Tuesday, September 25, 2007
Buying An Album from Amazon's New MP3 Store
Posted by Jason Dunn in "THOUGHT" @ 12:15 PM
I use Firefox as my browser, so I was curious to see how the process would work. The Amazon music tool is a small 575 KB file that installs quickly - I don't recall even seeing a dialogue box other than the Vista UAC prompt (man I hate that thing). After it installed, I clicked on the "1 Click Album Purchase" logo and was immediately prompted by Firefox to OPEN or SAVE a .AMZ file - the Amazon page explains that this is the download trigger file and I should select open. I suspect that with IE7 it would just trigger automatically. At any rate, I clicked open, and immediately the Amazon MP3 Downloader popped up:
[click image above for full-sized version]
It kicked off the download immediately, and if there's one thing Amazon doesn't lack, it's fast servers: I had the album downloaded in about 90 seconds or so. The software created an "Amazon MP3" folder in the Music folder in my Vista profile, and put the album in a sub-folder named after the album. Inside that folder, the tracks are named a bit curiously:
4 - At All Times (Painting The Invisible Album Version).mp3
Using MediaMonkey it was easy enough to change the track names. The other album I downloaded, a Blues Traveller one, just had the song name as the title, which makes things even easier. Although the metadata was perfect, I still like the file names to be in the form of (Artist) - Song.mp3 - I'm Type A like that. ;-)
There are also a few basic preferences that can be adjusted in the software:
The album art is already embedded in the file, and looks to be a 600 x 600 JPEG file. The album art is a bit more compressed than I'd have done personally, but it still looks quite good.

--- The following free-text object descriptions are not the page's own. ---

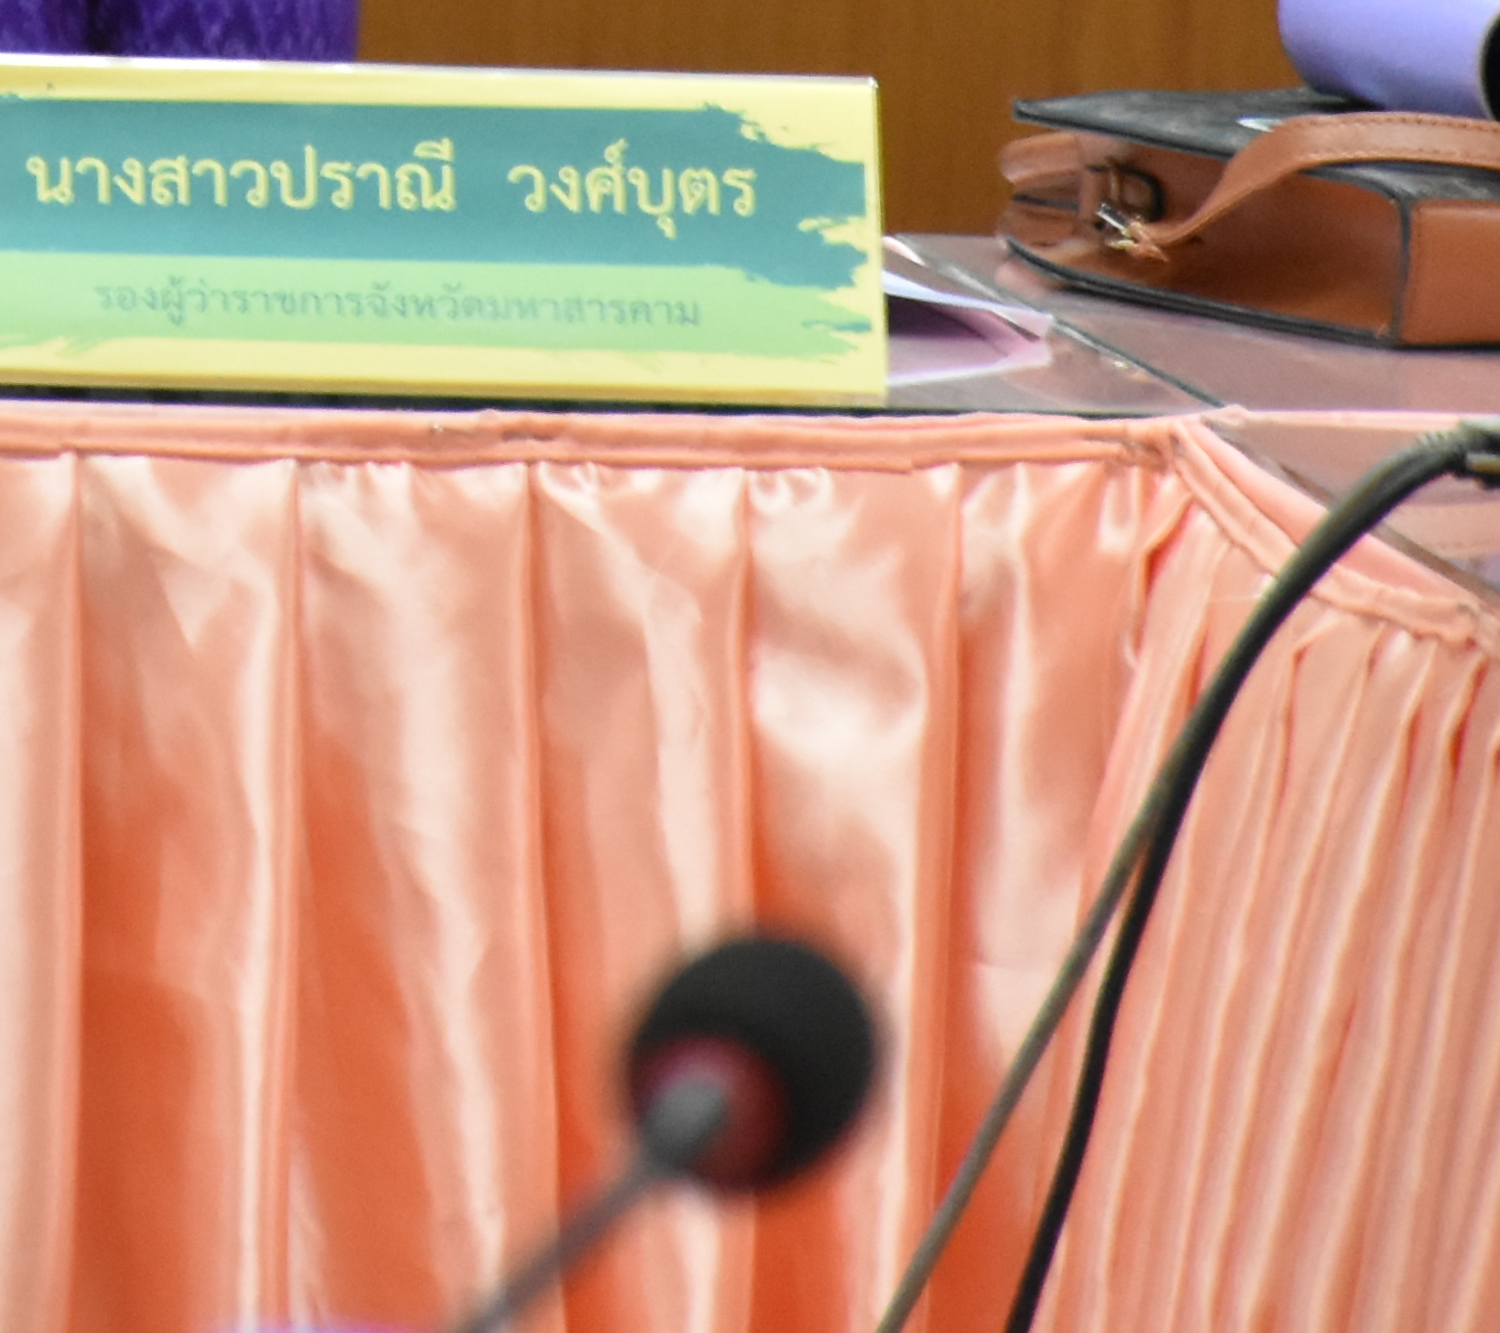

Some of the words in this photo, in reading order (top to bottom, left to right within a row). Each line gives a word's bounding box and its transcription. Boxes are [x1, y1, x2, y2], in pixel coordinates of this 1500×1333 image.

[25, 136, 457, 212] นางสาวปราณี
[506, 137, 758, 240] วงศ์บุตร
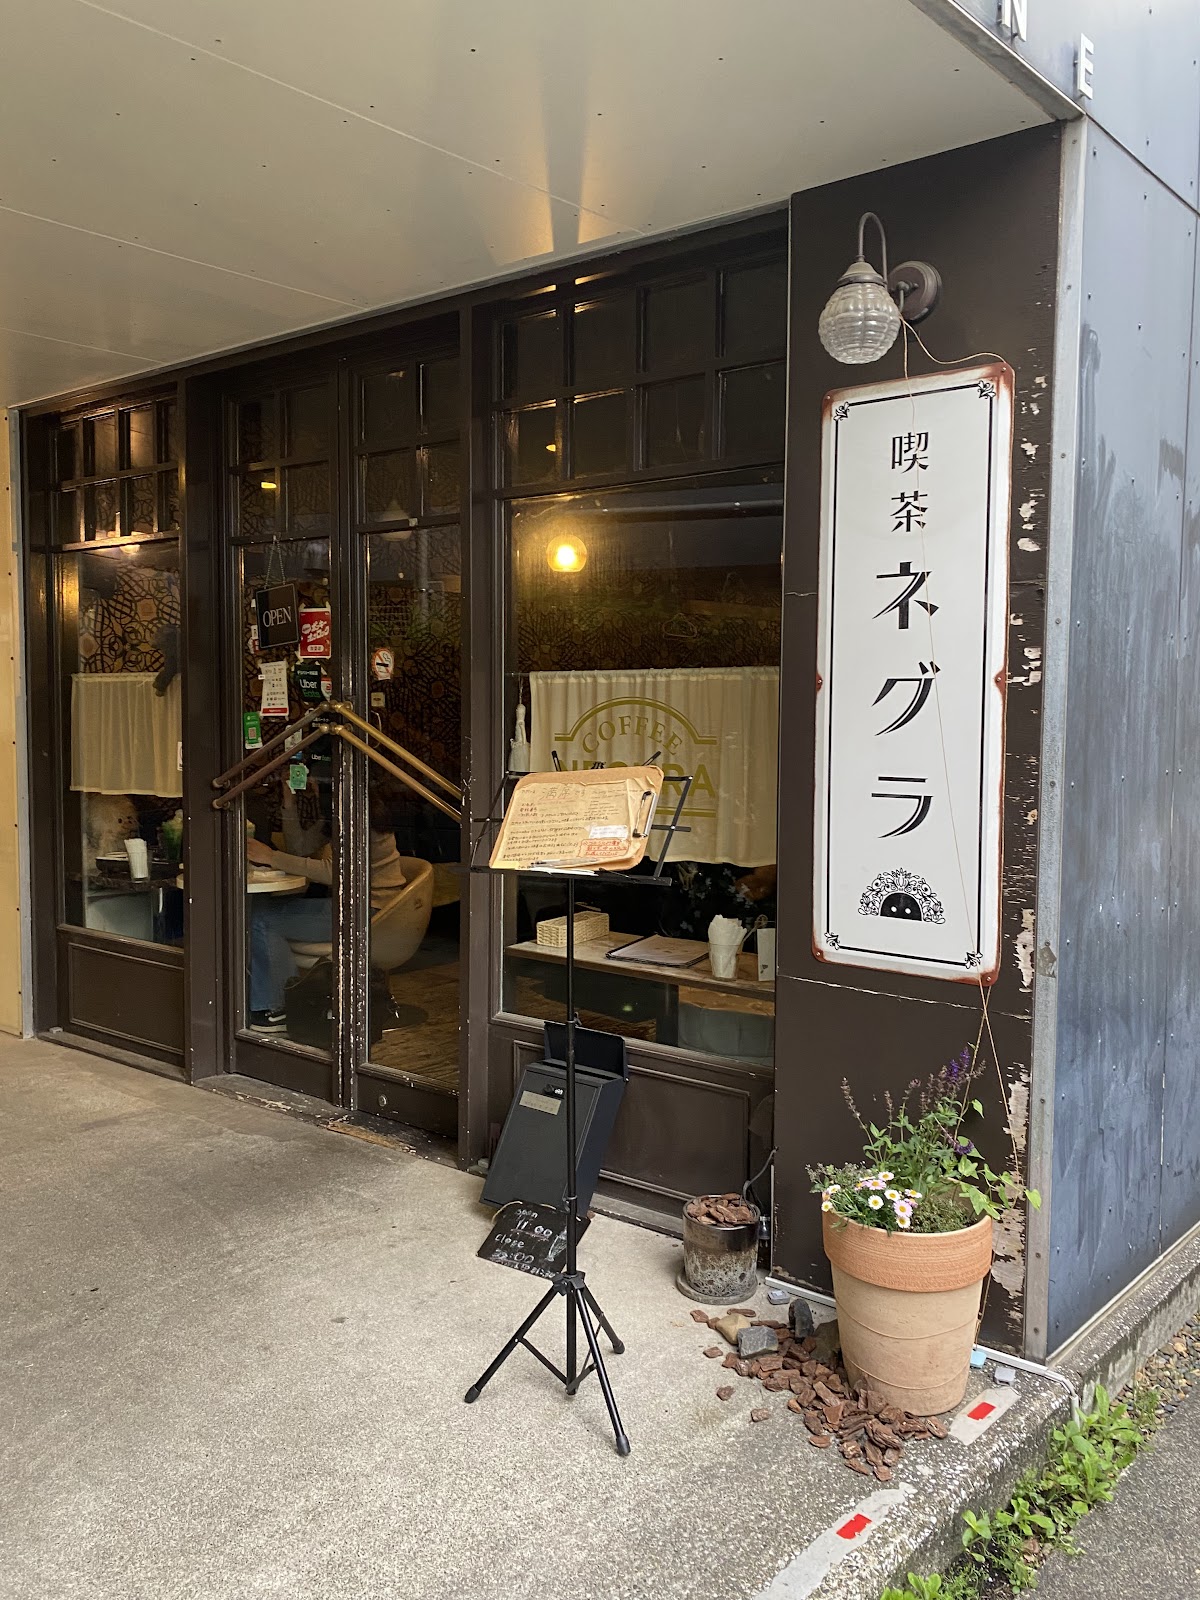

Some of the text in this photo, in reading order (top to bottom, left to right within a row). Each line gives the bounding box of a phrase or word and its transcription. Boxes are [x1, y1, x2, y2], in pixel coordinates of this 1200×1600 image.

[263, 606, 292, 628] OPEN
[871, 431, 942, 839] 喫茶ネグラ
[300, 679, 317, 689] Uber
[582, 715, 683, 755] COFFEE

All in all, this is a great offering and if they can expand their music repertoire it could easily become more popular than iTunes among those that understand why it's important to not get locked into DRM tracks. If there's one thing I'd like to see it would be some way to have a more granulated check-out process. I'm certainly in the minority on this one, but I have two credit cards (one for business, one for personal) and I want to buy music with my personal card - yet my Amazon.com account is linked with my business card by default and even though I have 1-click buying turned off, it still slaps purchases onto my credit card with one click.
[Apologies for the ugly highly-compressed JPG images - I forgot that the otherwise awesome SnagIt has a JPEG quality setting of 85% is really about 60% quality.]